Artificial Intelligence (AI) is likely to be the most transformative general-purpose technology of our time. Its development and adoption has the potential to accelerate UK growth and prosperity. In particular, AI has the potential to reform and improve delivery of the UK’s struggling public services. 

Compute capacity – referring to the physical infrastructure and capacity designed to handle intensive computational tasks – is essential for training and running AI models. In the future, reliable and secure access to cloud compute could become as important for the UK’s economy and society and security as reliable and secure access to the internet, oil, or gas.

In this report, jointly published with the UK Day One Project, we recommend the government invest £1.5 billion in publicly owned cloud compute – GB Cloud – to support AI in the public sector as well as UK based AI startups and researchers. 

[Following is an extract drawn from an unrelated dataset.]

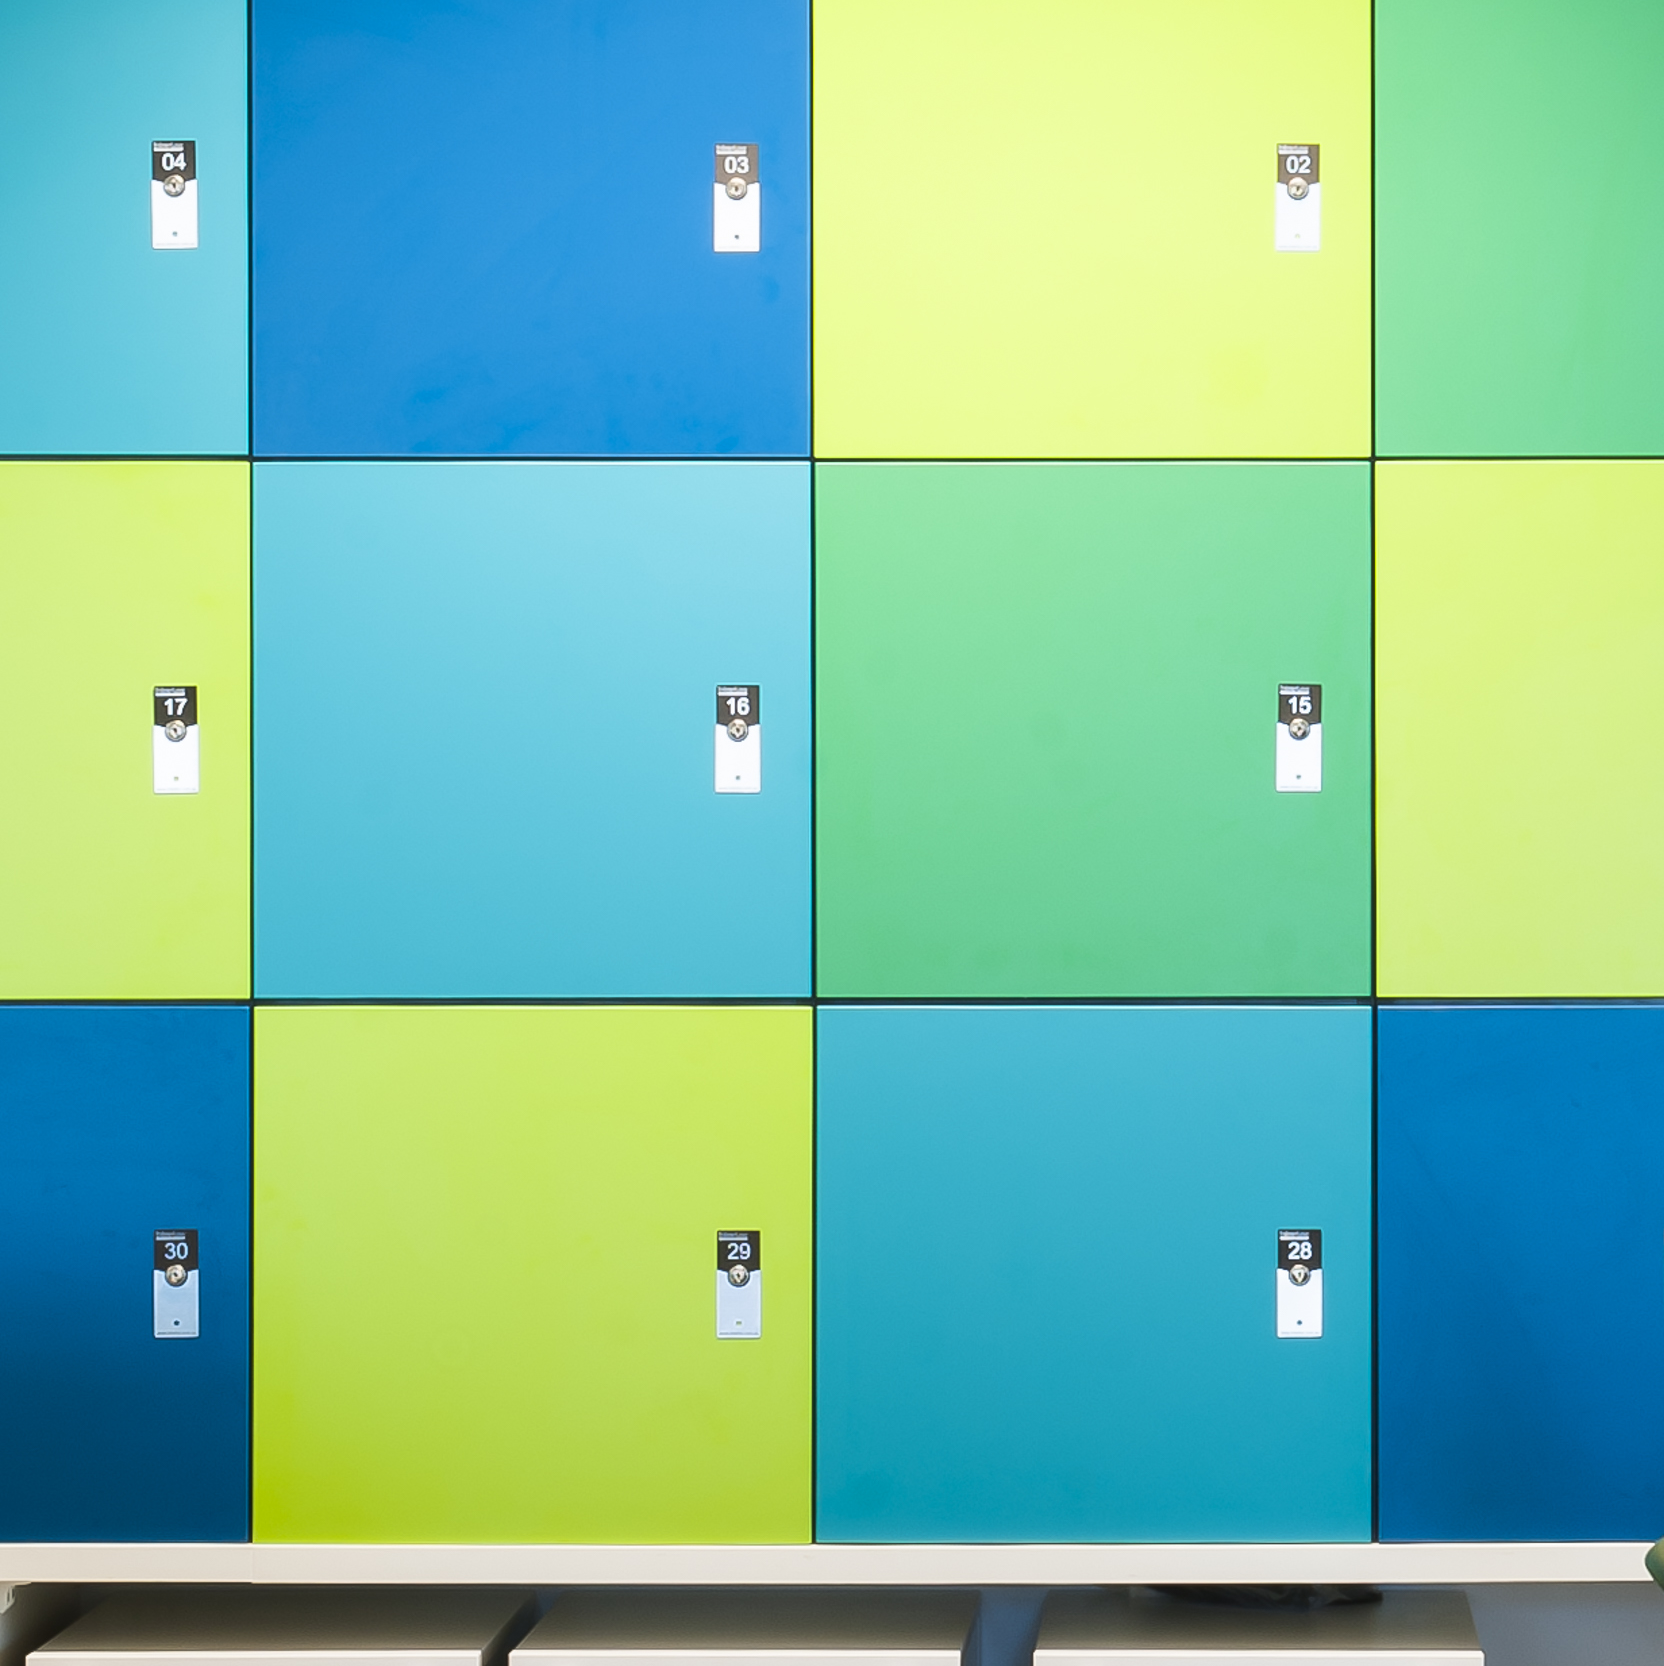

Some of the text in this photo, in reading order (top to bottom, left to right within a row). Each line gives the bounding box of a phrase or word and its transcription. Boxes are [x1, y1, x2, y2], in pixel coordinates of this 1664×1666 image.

A publicly owned GB Cloud would:

  • Reduce dependence on foreign hyperscalers and big tech companies. 
  • Support public services by providing the UK state with reliable, protected and publicly-owned data centres.
  • Protect data privacy by ensuring sensitive data used in the provision of public services (e.g. public health and DWP data as well as military, and intelligence data) is held and processed domestically and not shared with international, private compute providers.
  • Support UK growth and innovation by providing further cloud computing access to UK AI start-ups, universities and research labs where GB Cloud is in excess.
  • Provide an opportunity to underpin public trust in AI by engaging citizens in the decision-making processes about the public compute resource — for instance, how public compute resources are allocated (e.g. to which public services, to industry, or research) and where data centres are built.